Pour l’un de ses premiers déplacements depuis sa nomination, le 6 juillet, rue de Valois, la plus populaire des ministres du nouveau gouvernement Castex (elle est créditée de 62 % d’opinions favorables au dernier classement IFOP-Fiducial pour Paris Match) a choisi Avignon et Arles, terres de festivals annulés, pour marteler, loin de Paris, l’importance des « territoires ». Dans chacune de ces deux villes, qu’elle a sillonnées en marathonienne jeudi 23 juillet et vendredi 24 juillet, elle a répété, dès son arrivée, la même chose : « Quand on est ministre des artistes et des territoires, venir ici est une évidence. »

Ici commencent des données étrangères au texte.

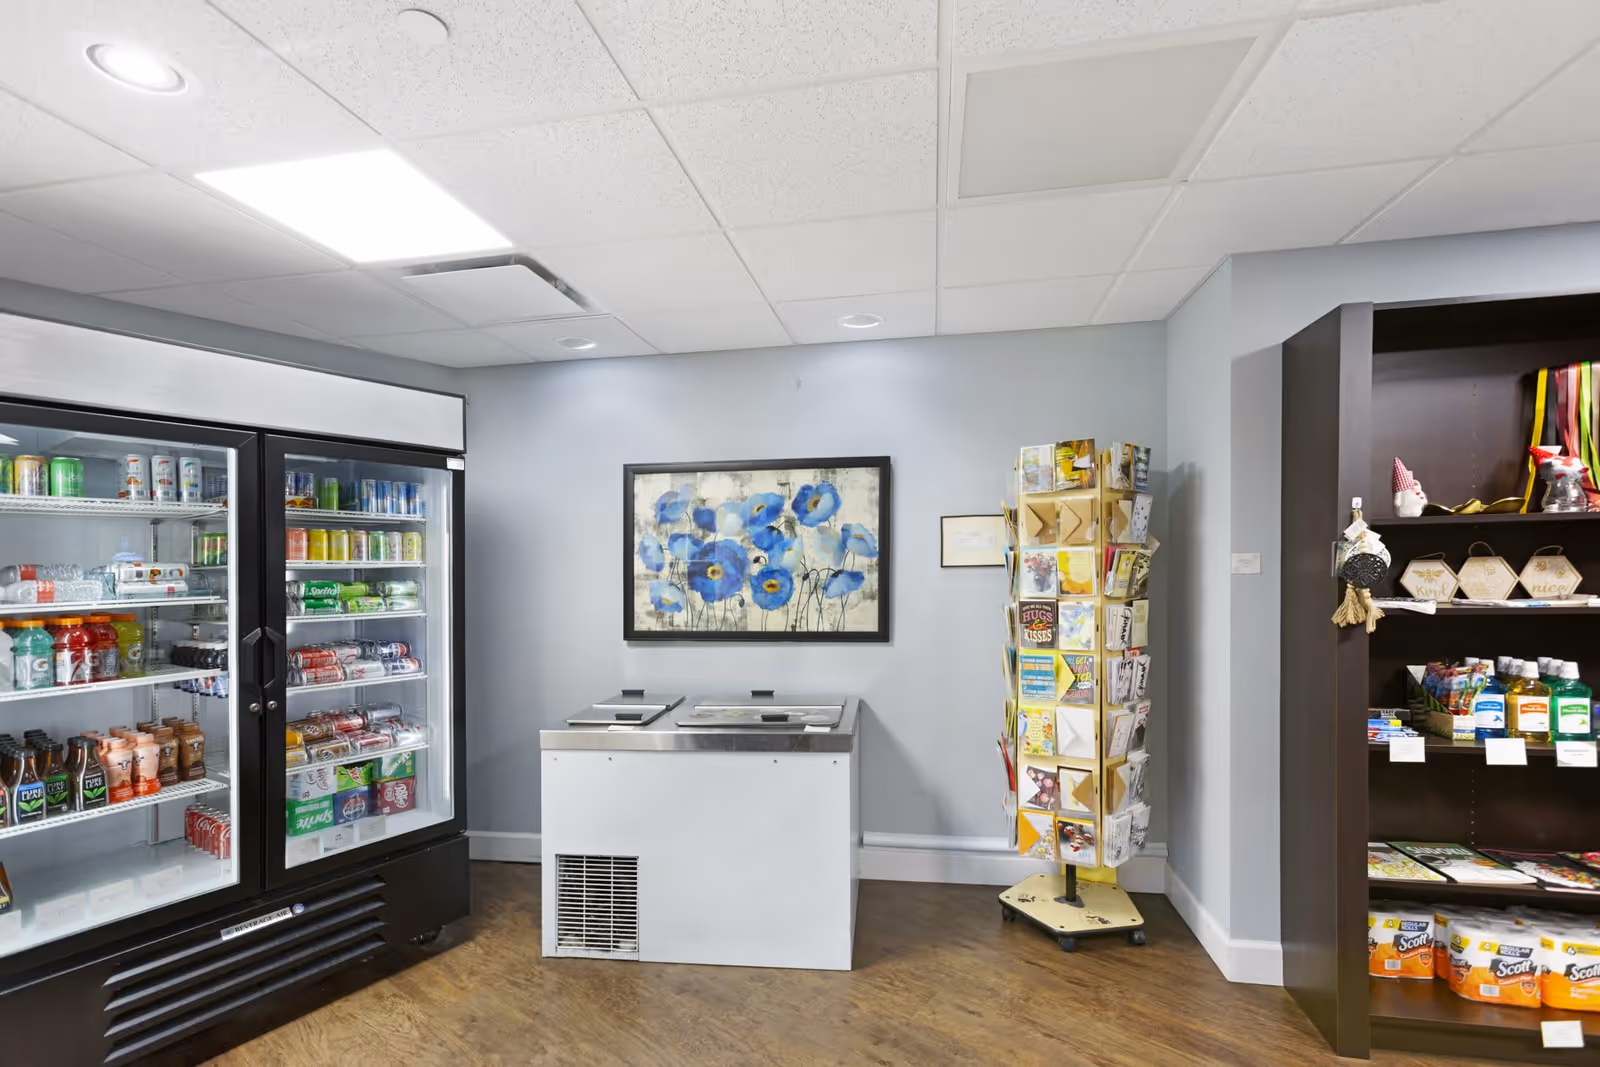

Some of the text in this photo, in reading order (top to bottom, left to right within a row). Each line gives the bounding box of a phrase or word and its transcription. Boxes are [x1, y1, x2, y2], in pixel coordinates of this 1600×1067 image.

22,3 milliards d’euros de perte
Drôle d’été qu’un été sans festival pour une ministre de la culture. A Avignon, à défaut de spectacle dans la Cour d’honneur, elle a assisté à une lecture dans le cloître du Palais des papes et visité deux expositions à la Collection Lambert. A Arles, faute de Rencontres de la photographie, elle s’est entretenue avec le nouveau maire de la ville et ancien PDG de France Télévisions, Patrick de Carolis, a rendu visite à l’ancienne ministre de la culture, l’éditrice Françoise Nyssen, dans ses locaux d’Actes Sud, a visité la tour de la Fondation Luma et l’Ecole nationale de la photographie avant d’assouvir sa passion pour l’opéra en assistant à un récital de Florian Sempey et Irène Kudela.
Saluant ses interlocuteurs les mains jointes, les yeux rieurs, très à l’aise dans son nouveau costume de ministre de la culture, elle n’a vu quasiment que « des amis de longue date » ou des personnes qu’elle « aime beaucoup », se réjouit-elle. « Comme dirait l’autre, je pense à vous », lui a soufflé avec humour Françoise Nyssen, rayonnante et détendue sur ses terres arlésiennes, loin de ses anciens tourments parisiens.
Roselyne Bachelot n’était pas en déplacement pour faire des annonces mais pour apporter son soutien à des villes privées des retombées économiques de leurs traditionnels rendez-vous culturels : « La culture, c’est la valeur ajoutée de la France. Dans le PIB, la culture représente autant que l’agriculture et sept fois l’industrie automobile. Le monde culturel, qui accuse une perte de revenus de 22,3 milliards d’euros, vit actuellement un sinistre qui impacte, par son poids économique, la vie de tous les Français. » Sous-entendu : c’est avec ces arguments qu’elle défendra son budget auprès du premier ministre. « On n’a jamais eu autant besoin de culture. Cette crise montre qu’en être privé, c’est être privé de soi-même et des autres », insiste-t-elle.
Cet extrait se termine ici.